Data shown
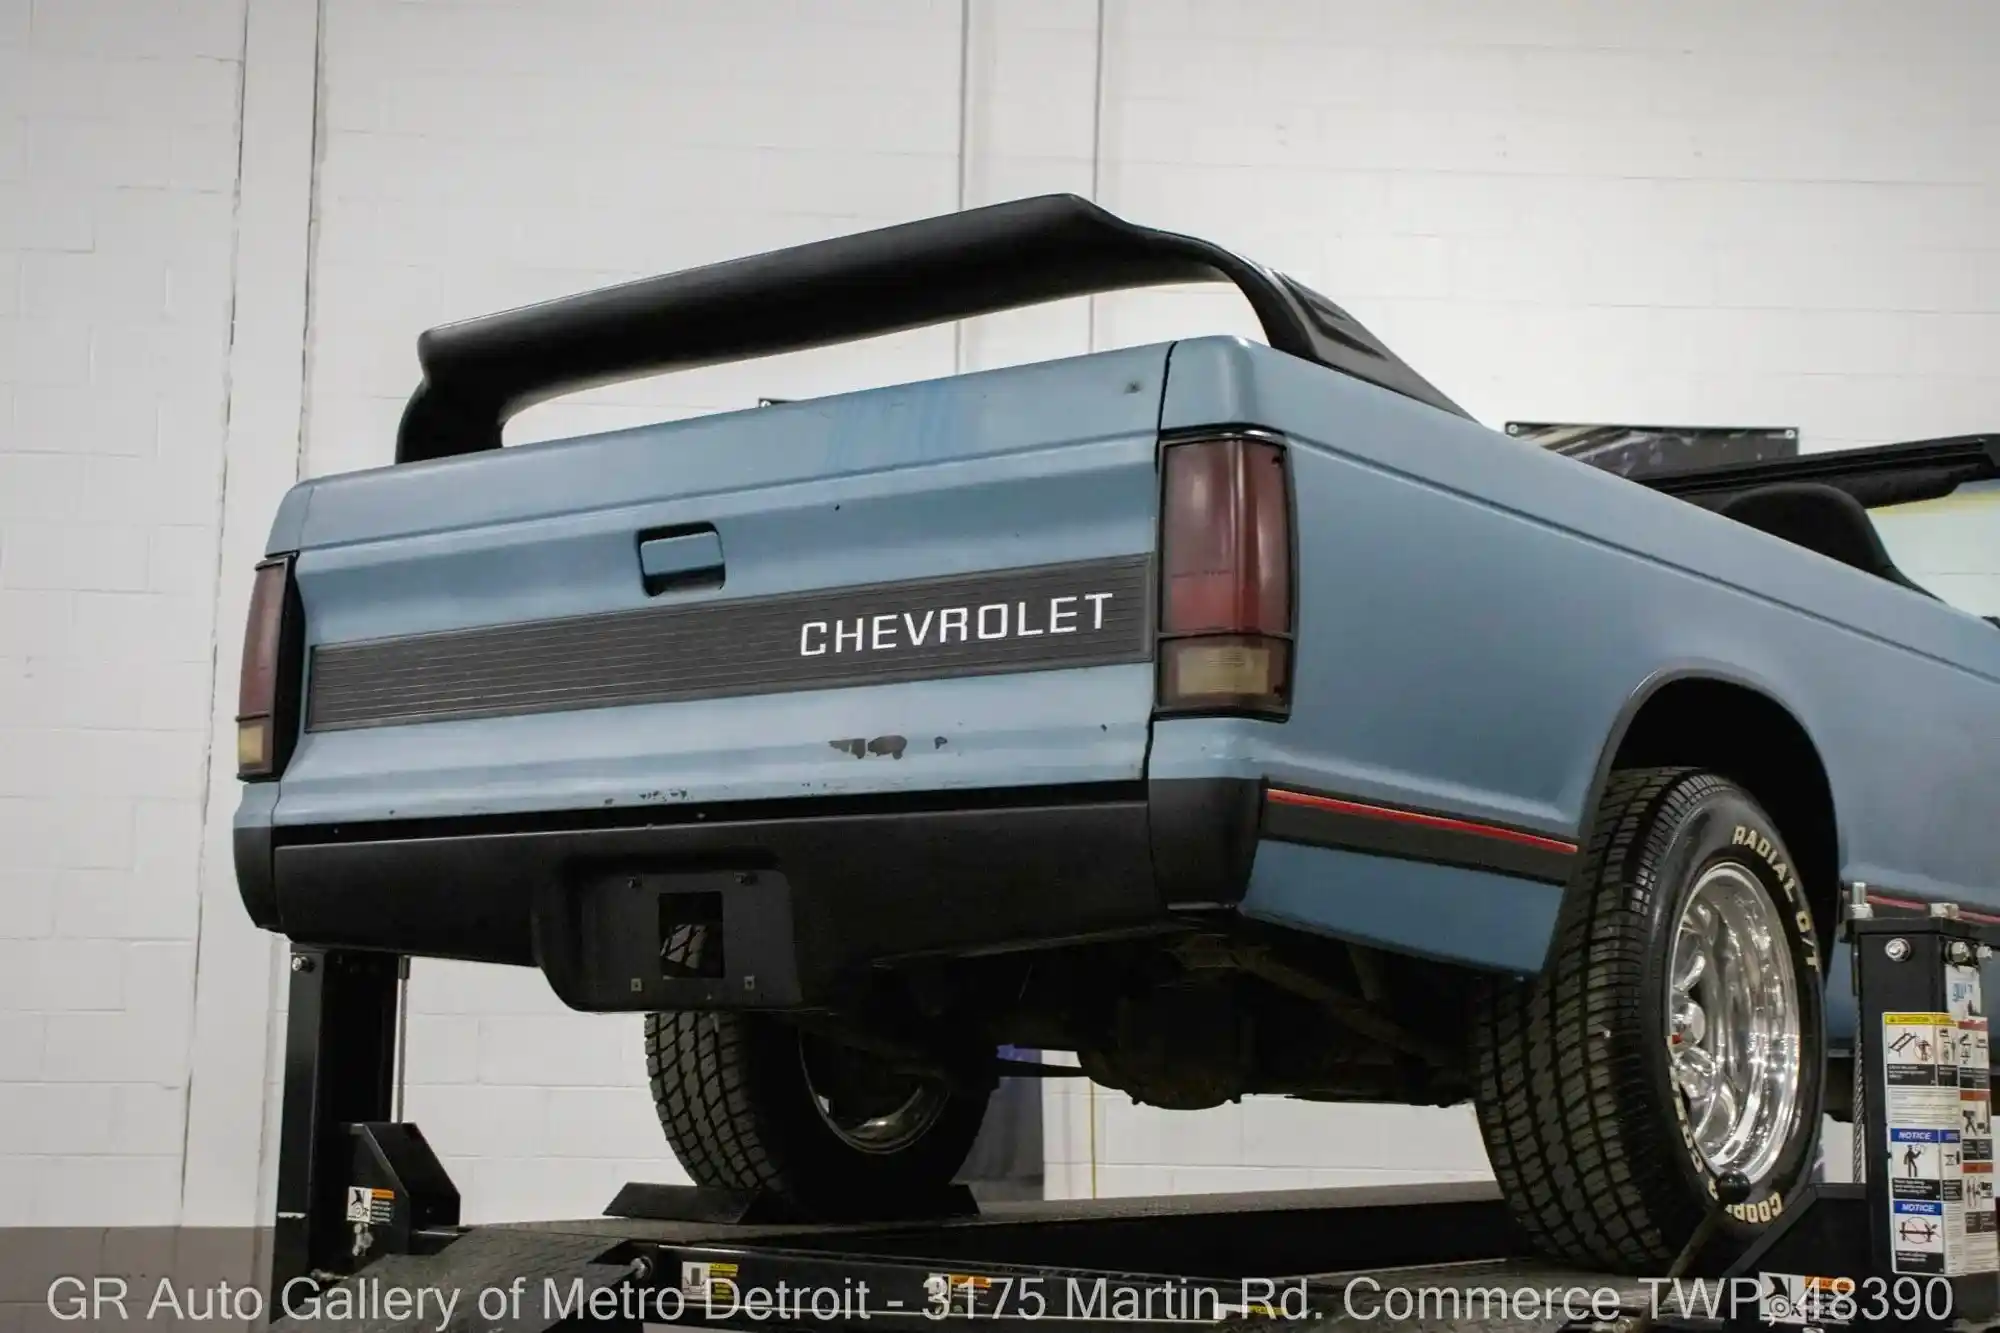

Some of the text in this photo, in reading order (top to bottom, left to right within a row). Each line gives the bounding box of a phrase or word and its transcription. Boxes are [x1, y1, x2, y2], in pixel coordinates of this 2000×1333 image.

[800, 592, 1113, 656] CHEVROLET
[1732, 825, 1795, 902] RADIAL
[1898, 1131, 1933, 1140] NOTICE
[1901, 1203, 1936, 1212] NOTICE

Problem statement
When you copy the records above, keep every word exact but leave out the pictures.

Worked solution
Some of the text in this photo, in reading order (top to bottom, left to right within a row). Each line gives the bounding box of a phrase or word and its transcription. Boxes are [x1, y1, x2, y2], in pixel coordinates of this 2000×1333 image.

[800, 592, 1113, 656] CHEVROLET
[1732, 825, 1795, 902] RADIAL
[1898, 1131, 1933, 1140] NOTICE
[1901, 1203, 1936, 1212] NOTICE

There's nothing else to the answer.